Certaines troupes ont d’ores et déjà réussi à atteindre la capitale ukrainienne. Samedi, au troisième jour de l’opération, des combats extrêmement intenses ont eu lieu à l’intérieur même de la ville de 2,8 millions d’habitants. Dès l’aube, à l’Ouest, des affrontements violents ont eu lieu notamment avenue de la Victoire, l’une des principales artères de la capitale, où les Ukrainiens ont réussi à repousser des véhicules russes. Au Nord-Est, une attaque russe a visé une centrale électrique du quartier de Troieshchyna. S’ajoutent à cela diverses opérations dites de «sabotage», notamment dans le quartier d’Obolon au Nord. Il pourrait s’agir d’unités des SSO, les forces d’opérations spéciales, une unité d’élite de l’Armée russe, indépendante et chargée des missions les plus difficiles, notamment clandestines.
Enfin, autour de Kiev, plusieurs opérations des troupes aéroportées russes – les prestigieuses VDV reconnaissables à leurs marinières et à leurs bérets bleus – ont été menées. Un assaut par hélicoptères a été lancé dès jeudi à l’aéroport de fret Antonov de Gostomel situé à 20 km au nord-ouest de la capitale. Samedi, les forces ukrainiennes ont aussi fait état de «violents» combats à 30 km au sud-ouest de la capitale, où les Russes «essayent de faire débarquer des parachutistes». Kiev affirme avoir abattu un voire deux avions de transport lourds Iliouchine Il-76, ce qui n’a pas été confirmé visuellement.
La bataille de Kiev a donc bien commencé, mais cela ne signifie pas que les Russes prendront la capitale de sitôt car il ne s’agit plus de combats dans de grands espaces où les chars peuvent avancer rapidement, mais de combats urbains structurellement beaucoup plus difficiles pour l’attaquant.
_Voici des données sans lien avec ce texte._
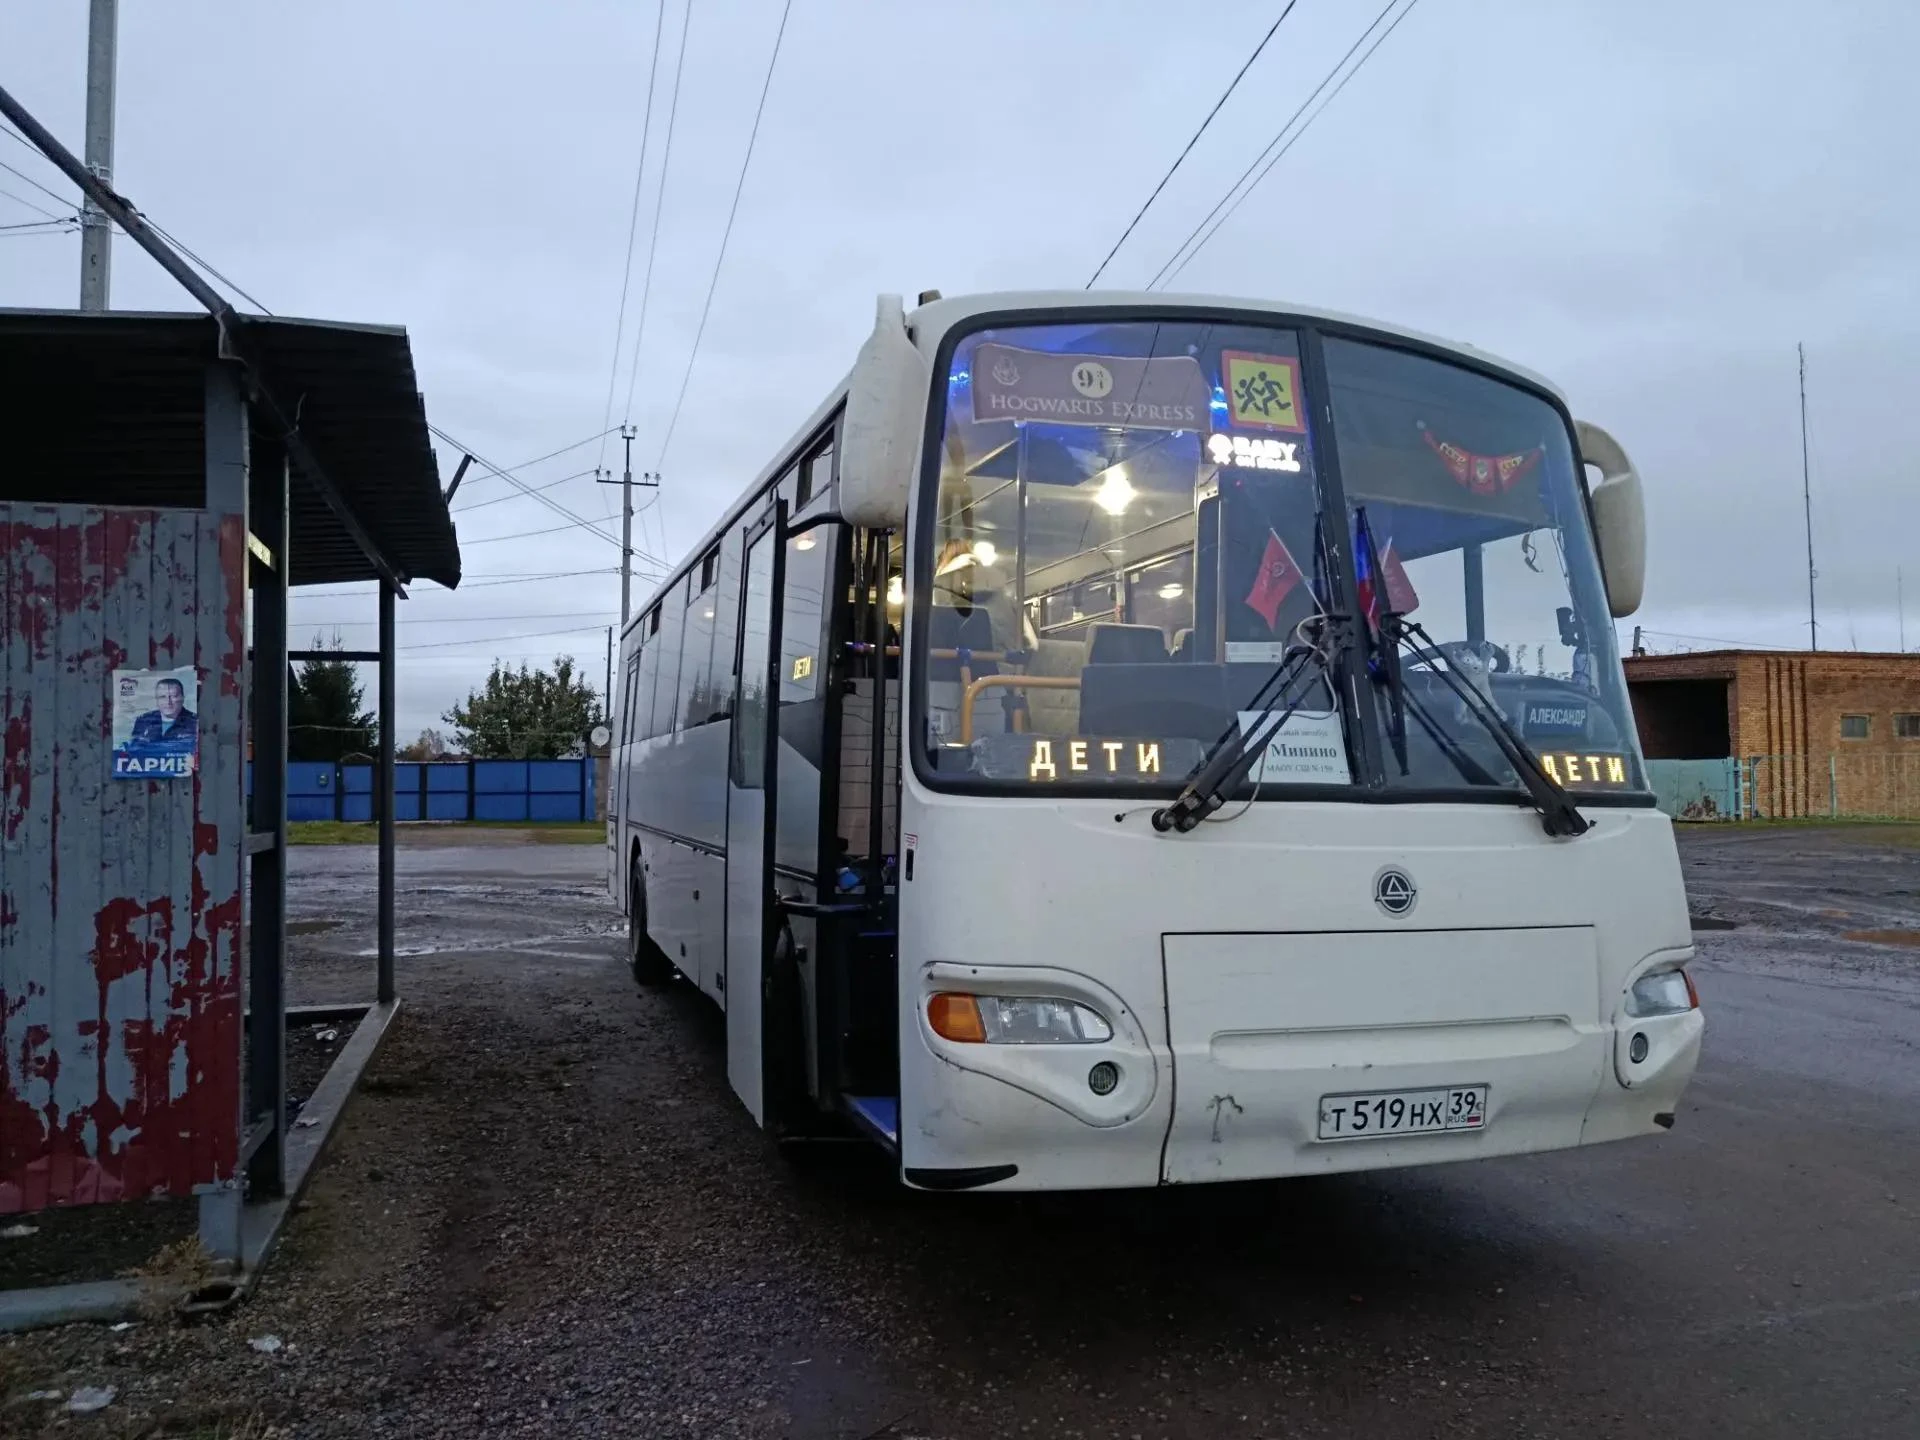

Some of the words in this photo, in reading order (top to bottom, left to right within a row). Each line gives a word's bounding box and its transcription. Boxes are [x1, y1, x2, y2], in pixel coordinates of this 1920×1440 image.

[991, 394, 1104, 416] HOGWARTS
[1111, 401, 1196, 421] EXPRESS
[1528, 707, 1586, 727] АЛЕКСАНДР
[1031, 740, 1160, 778] ДЕТИ
[1271, 743, 1337, 758] Минино
[1451, 1091, 1477, 1115] 39
[1448, 1114, 1466, 1124] RUS
Par ailleurs, jusqu’à samedi soir, les Russes ne disposaient pas encore d’une continuité territoriale allant de la frontière russe ou biélorusse jusqu’à la capitale ukrainienne. Les forces les plus avancées n’appartenaient pas aux troupes régulières, mais étaient constituées des VDV et des SSO, plus ou moins isolées et ne disposant pas des moyens les plus lourds, qu’il s’agisse d’artillerie ou de chars. Depuis samedi soir, ce n’est plus le cas puisque la percée russe venue du Nord (sur la rive droite du Dniepr) va désormais directement jusqu’à l’aéroport de Gostomel qui était tenu jusque-là par des VDV. Soit à seulement 20km du centre de Kiev. Les forces russes vont donc pouvoir recevoir des renforts et être ravitaillées jusqu’au nord de la capitale, ce qui n’est pas encore le cas pour les offensives lancées au nord-est et à l’est où les troupes régulières russes sont encore assez loin de Kiev.
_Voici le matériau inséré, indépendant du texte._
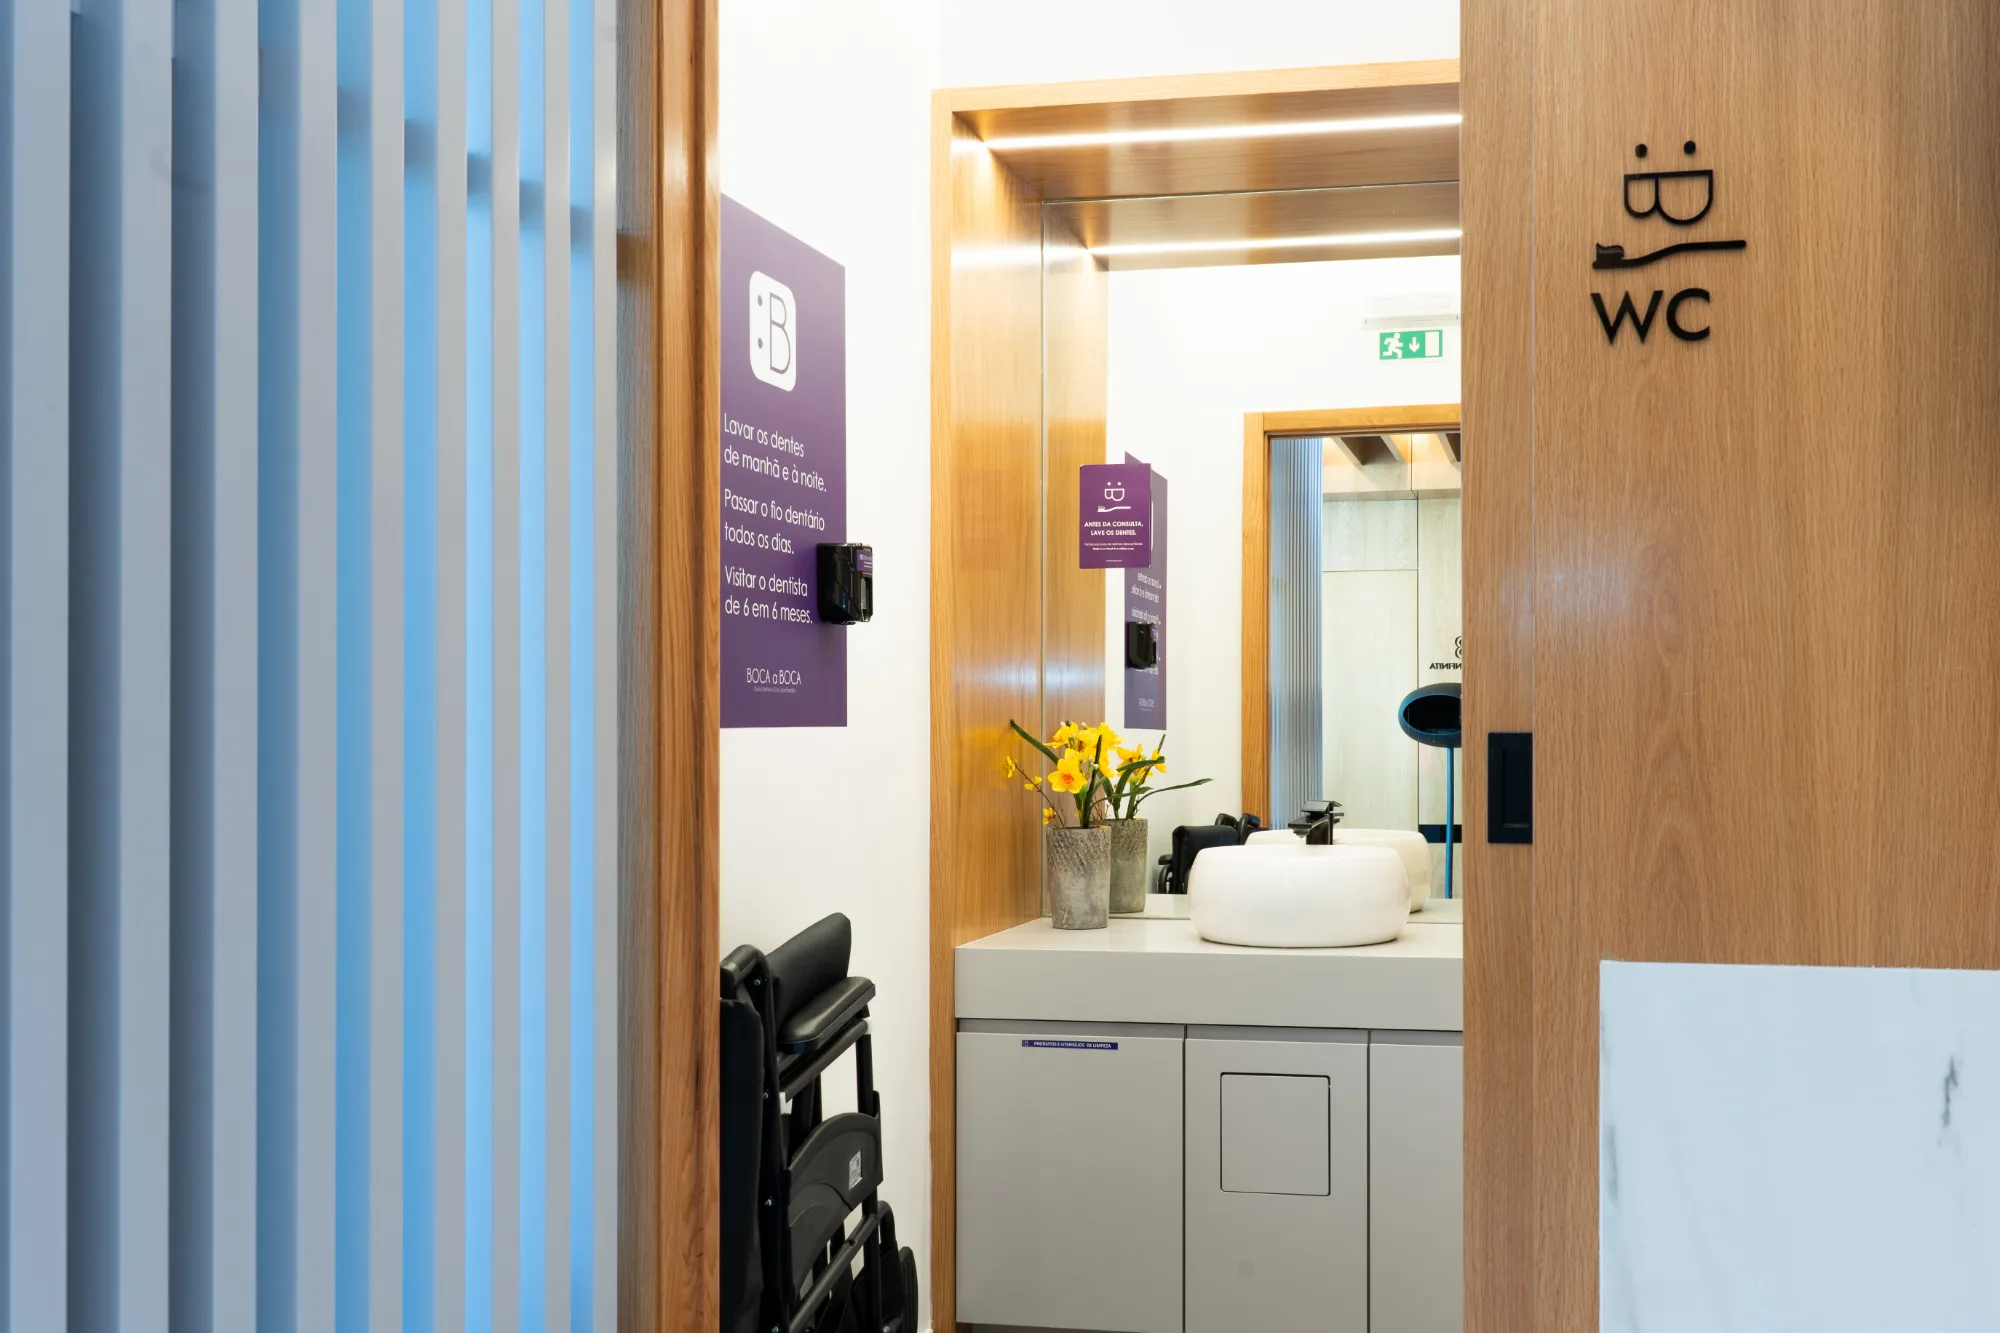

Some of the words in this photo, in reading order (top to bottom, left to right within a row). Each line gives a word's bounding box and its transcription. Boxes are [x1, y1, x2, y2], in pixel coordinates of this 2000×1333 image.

Une intense campagne de frappes
Au départ de l’invasion, dans la nuit de mercredi à jeudi, d’intenses frappes russes ont été menées sur tout le territoire ukrainien – 160 missiles à longue portée tirés en une nuit selon Washington -, et même jusqu’à Lviv à l’extrême ouest du pays, à proximité de la frontière polonaise. Ont été utilisés des batteries terrestres de missiles Iskander-M stationnées en Russie et en Biélorussie, mais aussi des missiles de croisière Kalibr tirés depuis des navires déployés en mer Noire et en mer d’Azov ou des missiles tirés depuis des chasseurs-bombardiers. Les Russes ont visé des dépôts de munitions, des centres de commandement, des bases aériennes et des systèmes de défense aérienne en vue de lancer les opérations terrestres en ayant la maîtrise du ciel et en affrontant un ennemi désorganisé. Depuis, les tirs de missiles de croisière continuent sans relâche, notamment à Kiev depuis deux jours.
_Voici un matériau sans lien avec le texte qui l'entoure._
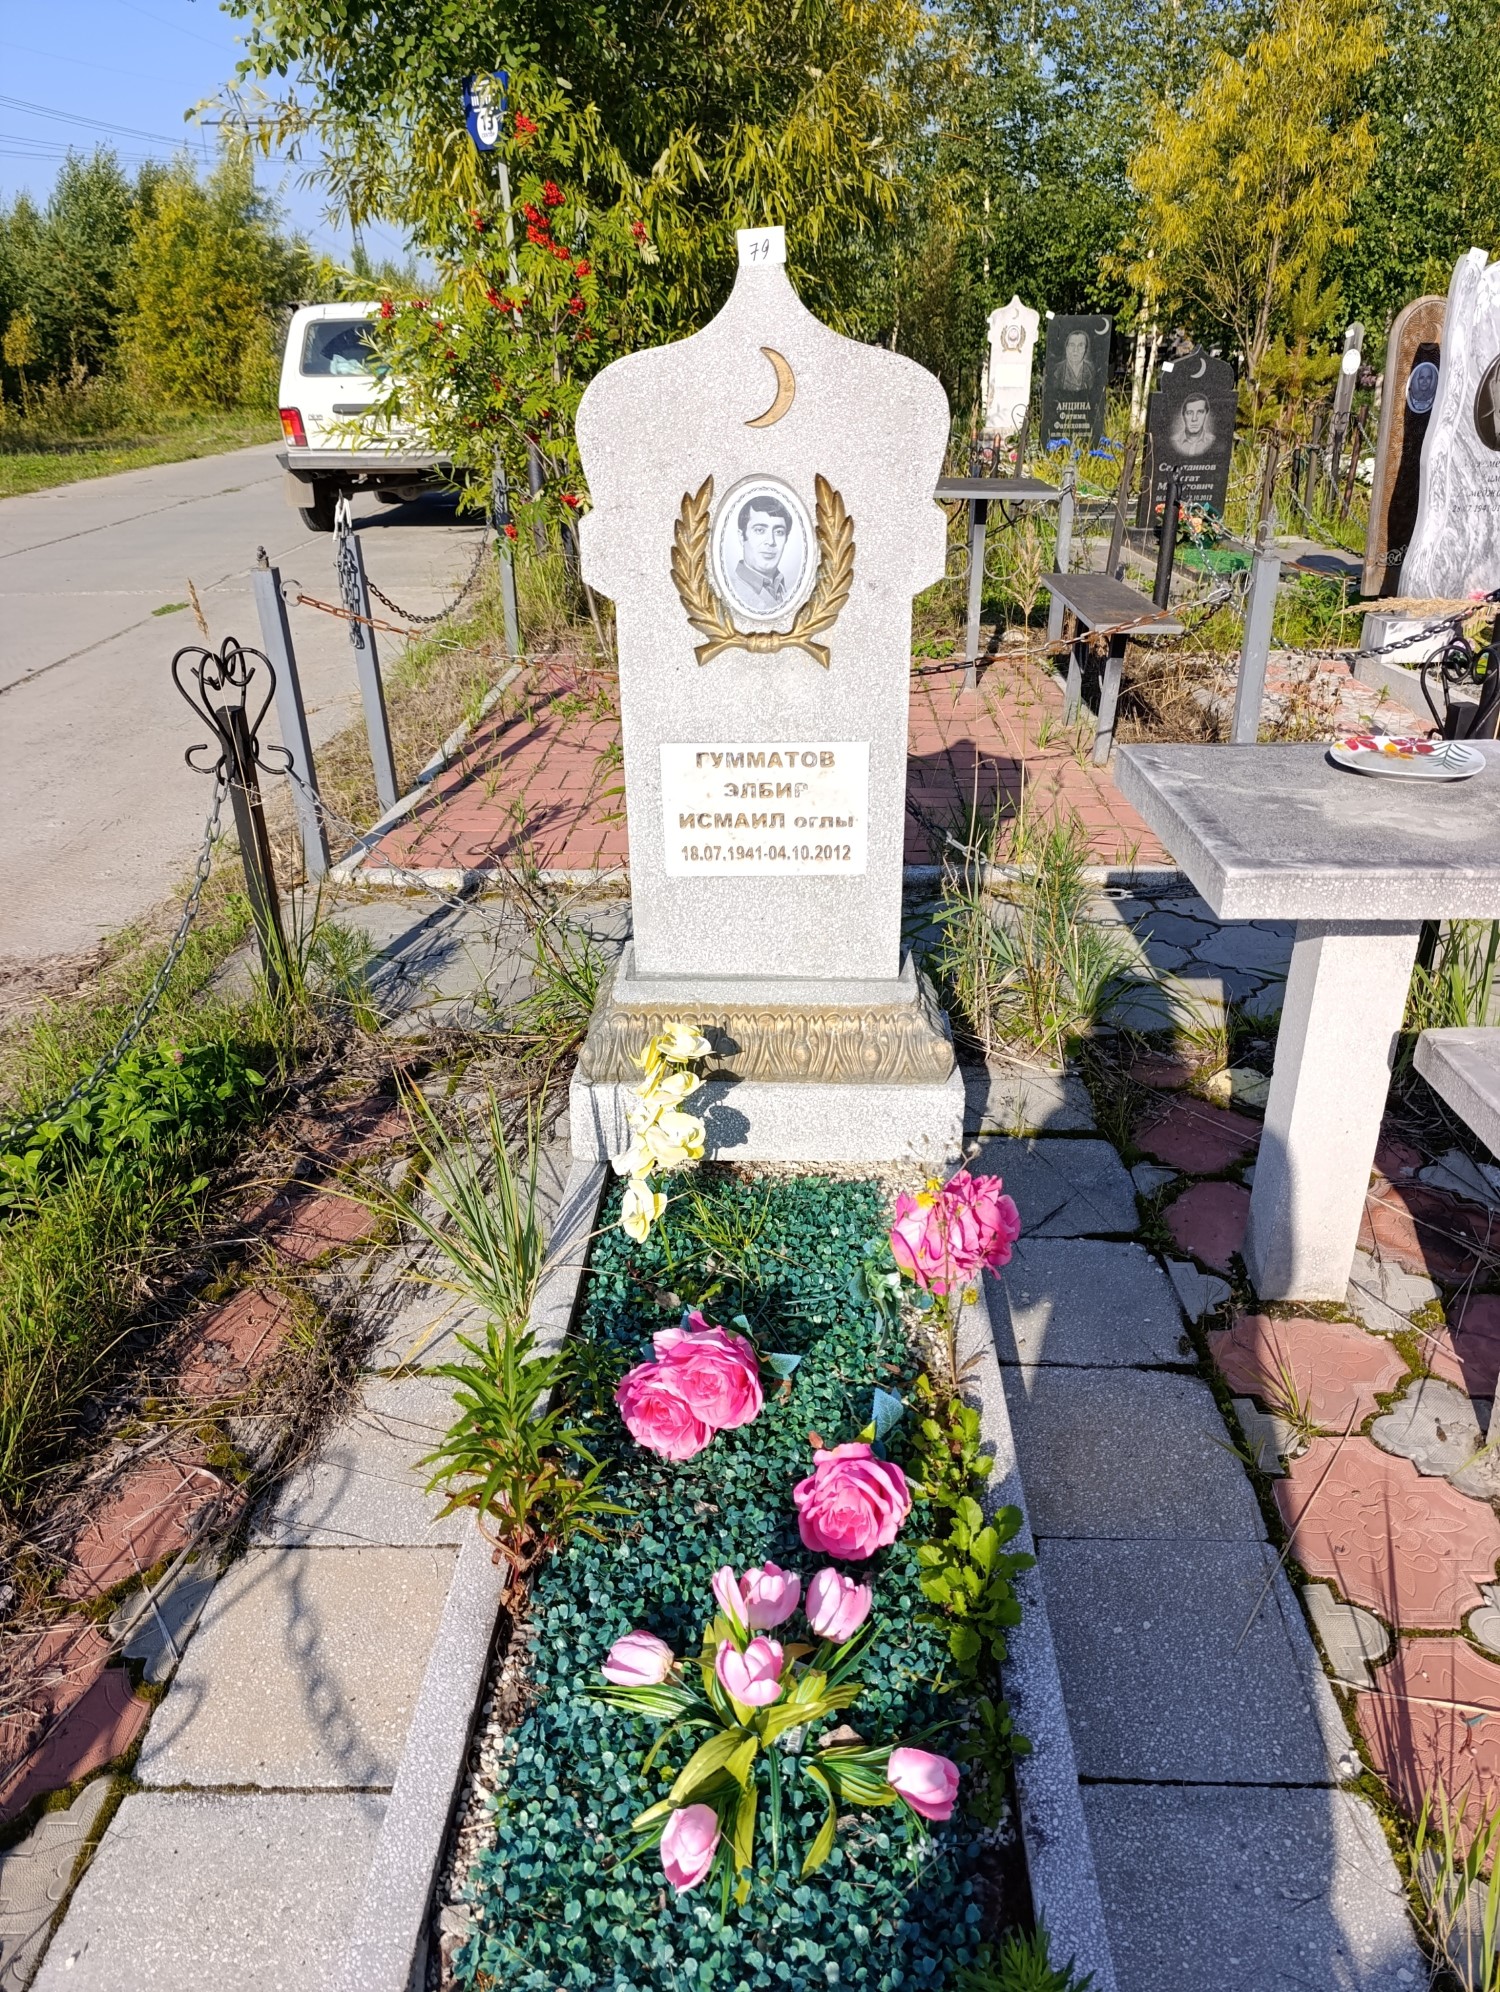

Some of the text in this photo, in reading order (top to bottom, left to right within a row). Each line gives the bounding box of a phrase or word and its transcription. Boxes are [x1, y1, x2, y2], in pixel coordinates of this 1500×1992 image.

En parallèle de ces frappes de précision qui font penser à la guerre américaine en Irak de 2003, les Russes s’appuient sur d’intenses bombardements d’artillerie, une vieille tradition militaire soviétique. De nombreuses vidéos montrent notamment l’emploi de lance-roquettes multiples, notamment des Grad et des Smerch, héritiers des «orgues de Staline» de la Seconde Guerre mondiale.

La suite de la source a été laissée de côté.